* _Dataset records_
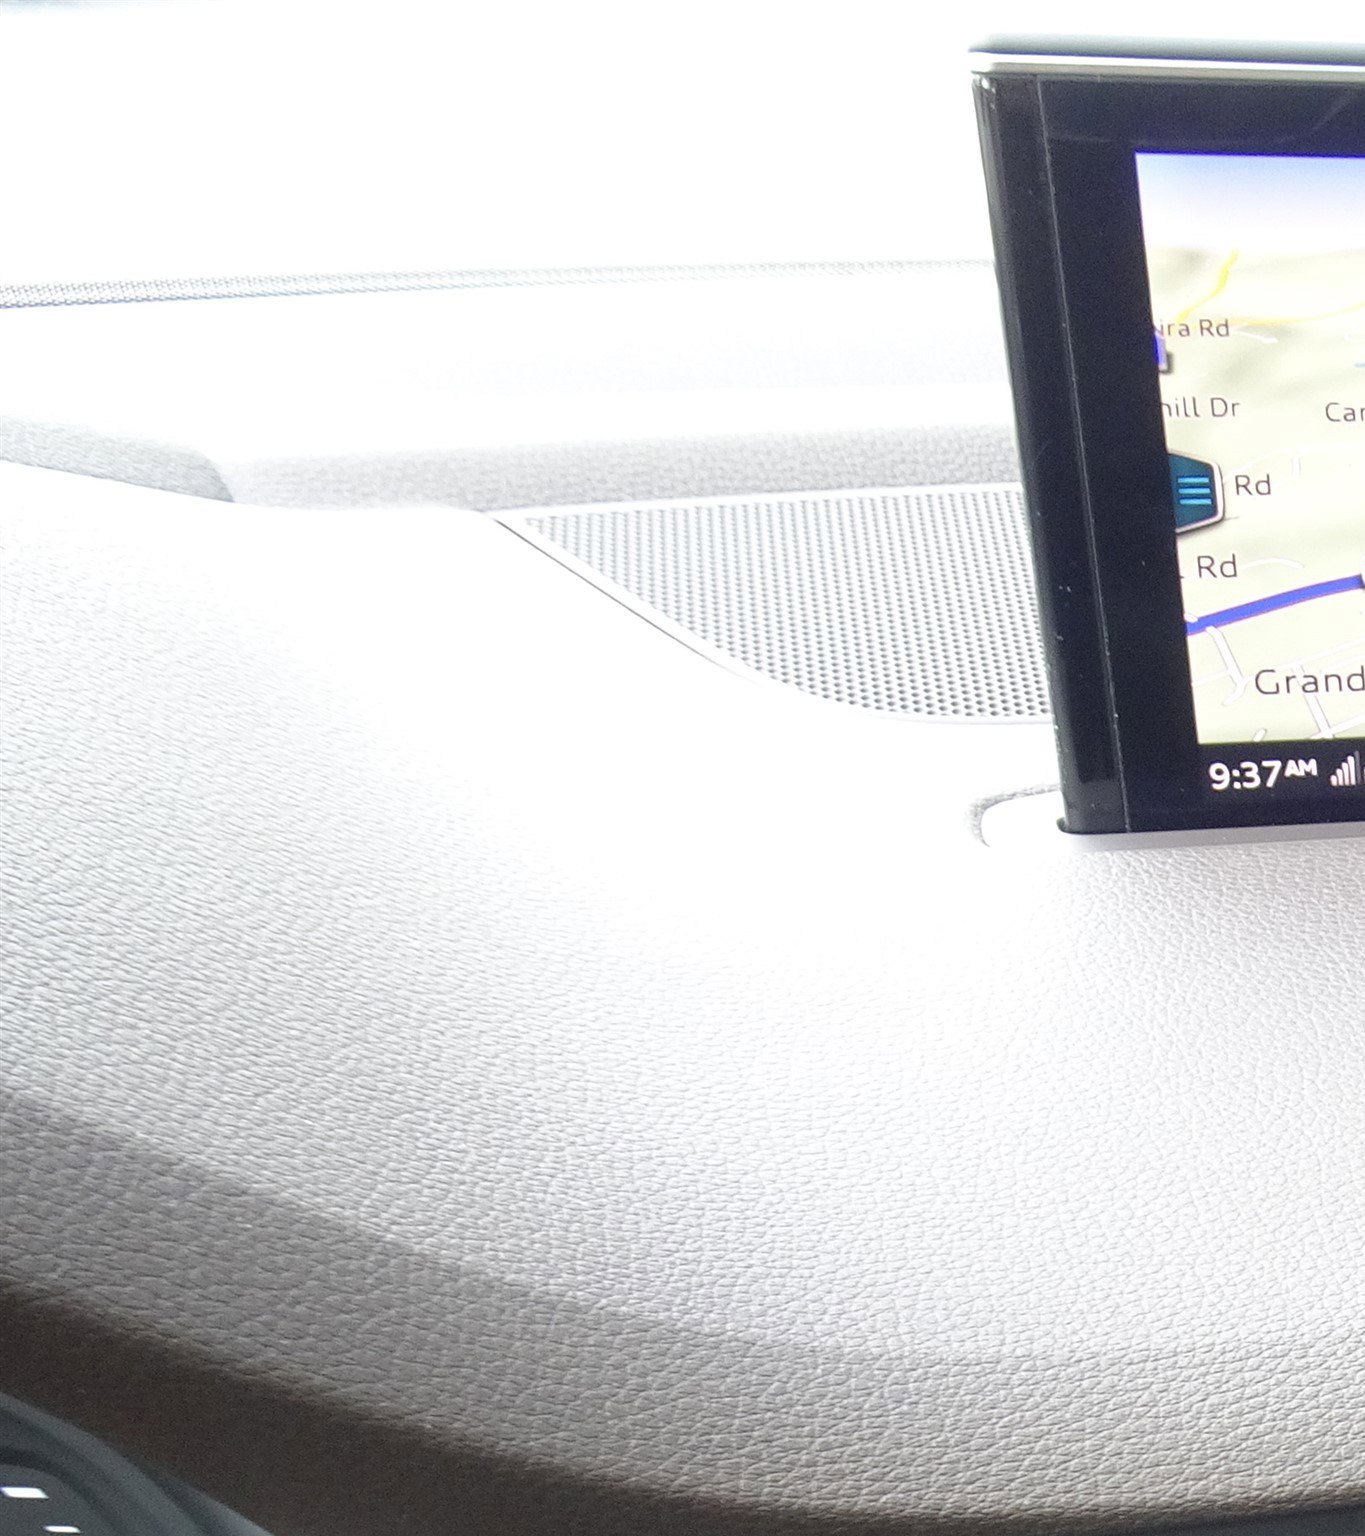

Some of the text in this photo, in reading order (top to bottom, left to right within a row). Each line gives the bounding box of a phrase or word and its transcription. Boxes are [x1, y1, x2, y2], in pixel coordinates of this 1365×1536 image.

[1199, 317, 1230, 338] Rd
[1210, 396, 1241, 418] Dr
[1235, 472, 1273, 496] Rd
[1197, 552, 1238, 579] Rd
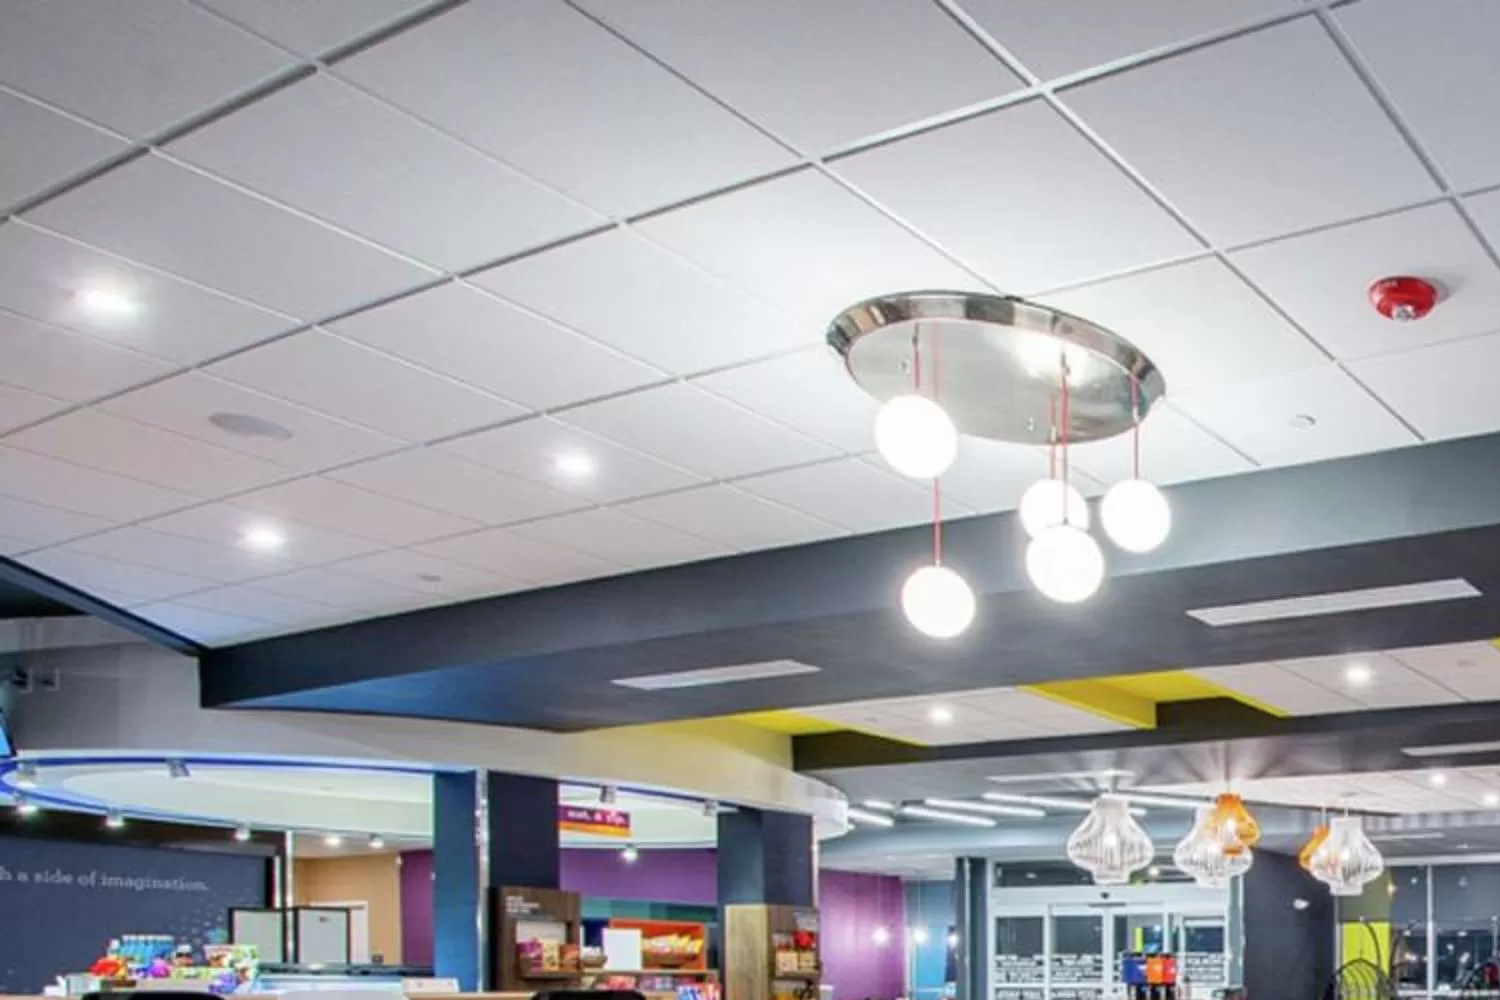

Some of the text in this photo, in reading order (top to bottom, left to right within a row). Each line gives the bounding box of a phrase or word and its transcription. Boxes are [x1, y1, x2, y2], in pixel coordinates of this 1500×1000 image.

[17, 871, 29, 883] a
[34, 868, 74, 885] side
[77, 870, 97, 888] of

* _Your task_
All the records need to be printed again exactly as written, though without their pictures.

* _Output of the task_
Some of the text in this photo, in reading order (top to bottom, left to right within a row). Each line gives the bounding box of a phrase or word and its transcription. Boxes are [x1, y1, x2, y2], in pixel coordinates of this 1365×1536 image.

[1199, 317, 1230, 338] Rd
[1210, 396, 1241, 418] Dr
[1235, 472, 1273, 496] Rd
[1197, 552, 1238, 579] Rd

Some of the text in this photo, in reading order (top to bottom, left to right within a row). Each line gives the bounding box of a phrase or word and its transcription. Boxes are [x1, y1, x2, y2], in pixel coordinates of this 1500×1000 image.

[17, 871, 29, 883] a
[34, 868, 74, 885] side
[77, 870, 97, 888] of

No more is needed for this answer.